Information provided: Begin
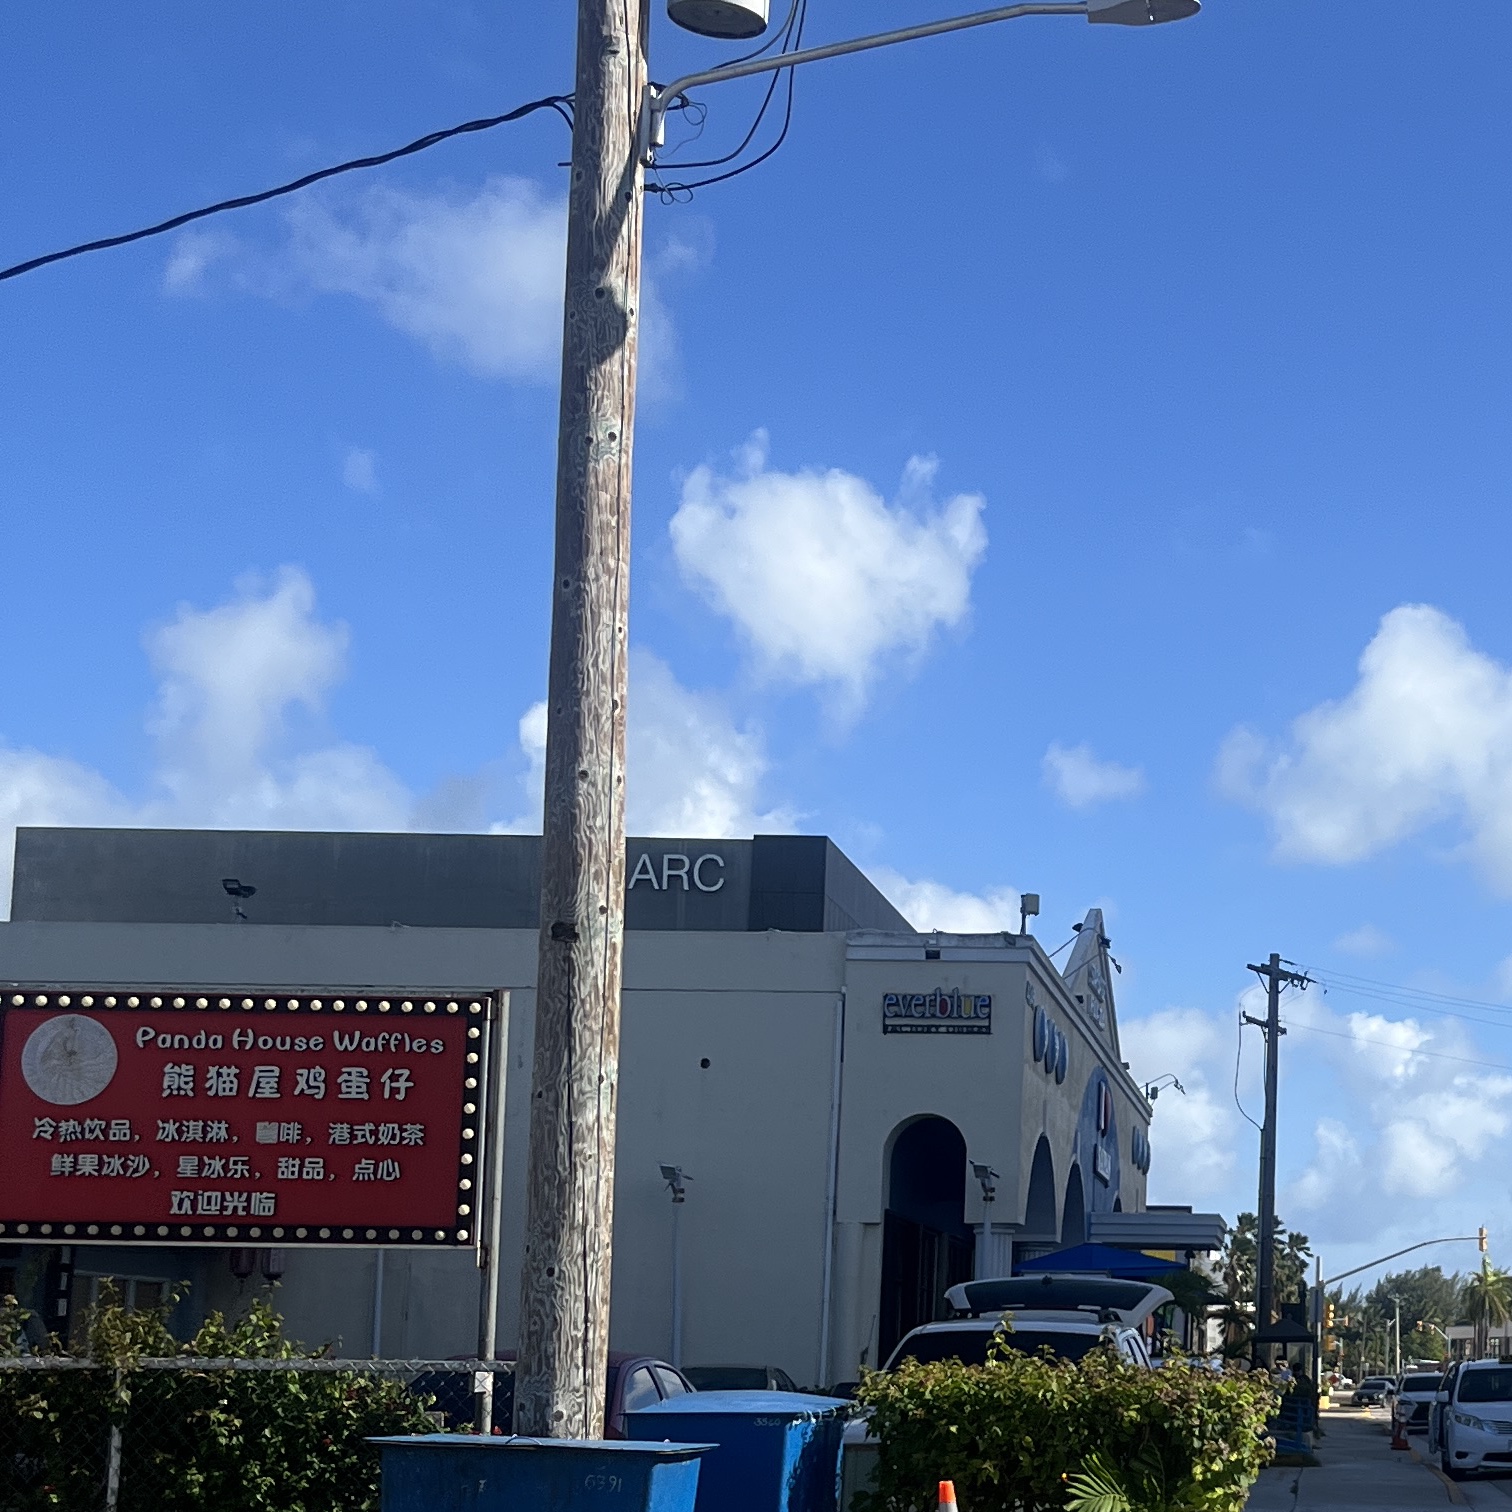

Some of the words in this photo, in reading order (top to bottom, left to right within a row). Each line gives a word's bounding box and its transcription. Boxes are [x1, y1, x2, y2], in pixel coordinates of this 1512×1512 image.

[628, 853, 725, 892] ARC
[884, 987, 990, 1019] everblue
[136, 1026, 223, 1049] Panda
[232, 1028, 324, 1051] House
[333, 1030, 445, 1054] Waffles
[161, 1062, 415, 1101] 熊猫屋鸡蛋仔
[32, 1116, 425, 1148] 冷热饮品，冰淇淋，啡，港式奶茶
[169, 1189, 277, 1217] 欢迎光临
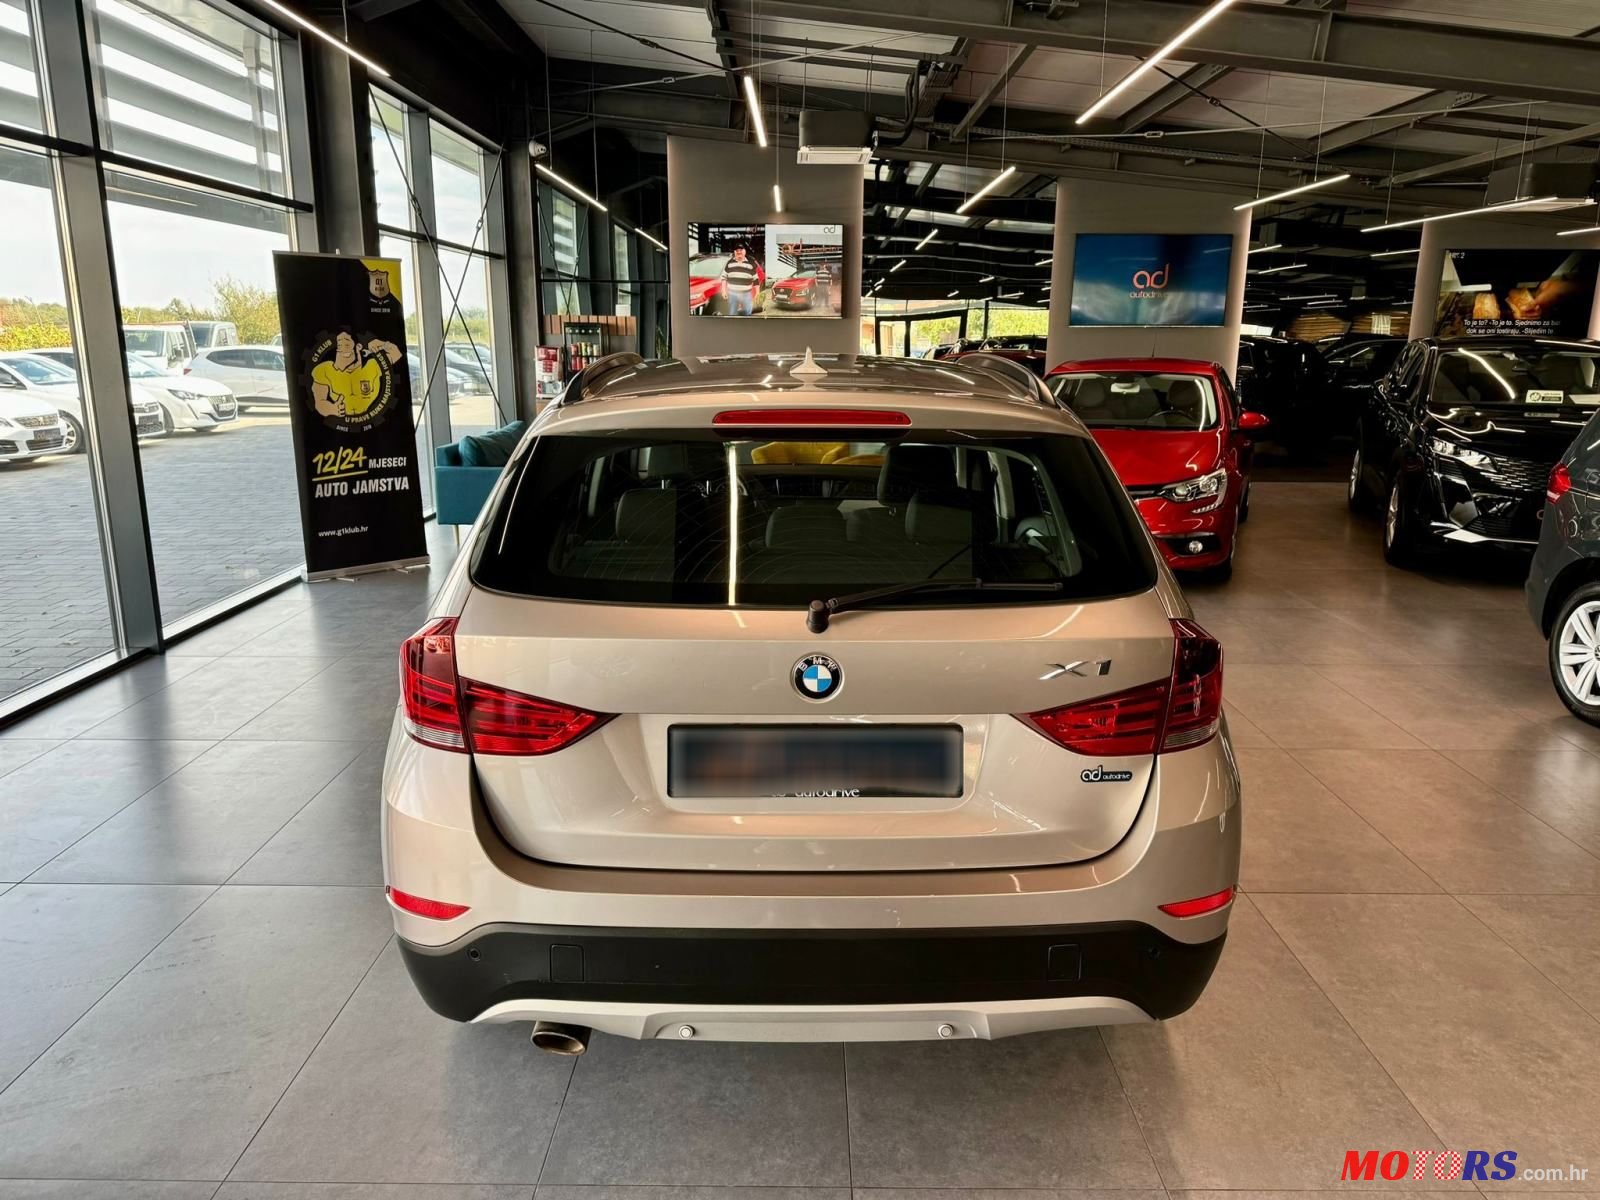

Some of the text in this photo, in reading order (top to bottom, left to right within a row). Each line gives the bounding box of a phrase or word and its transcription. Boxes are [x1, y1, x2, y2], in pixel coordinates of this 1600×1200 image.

[1132, 263, 1170, 289] ad
[1514, 319, 1542, 327] Sjednimo
[311, 339, 333, 363] G1 KLUB
[351, 414, 370, 424] PRAVE
[369, 405, 382, 418] RUKE
[380, 370, 392, 405] MAJSTORA
[312, 446, 408, 475] 12/24 MJESECI
[314, 476, 410, 498] AUTO JAMSTVA
[318, 525, 369, 537] www.g1klub.hr
[799, 655, 838, 672] BMW
[1039, 659, 1112, 680] X1
Information provided: End
Description of the task -> Restate the entries verbatim and exclude any pictures.

Exercise output ->
Some of the words in this photo, in reading order (top to bottom, left to right within a row). Each line gives a word's bounding box and its transcription. Boxes are [x1, y1, x2, y2], in pixel coordinates of this 1512×1512 image.

[628, 853, 725, 892] ARC
[884, 987, 990, 1019] everblue
[136, 1026, 223, 1049] Panda
[232, 1028, 324, 1051] House
[333, 1030, 445, 1054] Waffles
[161, 1062, 415, 1101] 熊猫屋鸡蛋仔
[32, 1116, 425, 1148] 冷热饮品，冰淇淋，啡，港式奶茶
[169, 1189, 277, 1217] 欢迎光临

Some of the text in this photo, in reading order (top to bottom, left to right within a row). Each line gives the bounding box of a phrase or word and its transcription. Boxes are [x1, y1, x2, y2], in pixel coordinates of this 1600×1200 image.

[1132, 263, 1170, 289] ad
[1514, 319, 1542, 327] Sjednimo
[311, 339, 333, 363] G1 KLUB
[351, 414, 370, 424] PRAVE
[369, 405, 382, 418] RUKE
[380, 370, 392, 405] MAJSTORA
[312, 446, 408, 475] 12/24 MJESECI
[314, 476, 410, 498] AUTO JAMSTVA
[318, 525, 369, 537] www.g1klub.hr
[799, 655, 838, 672] BMW
[1039, 659, 1112, 680] X1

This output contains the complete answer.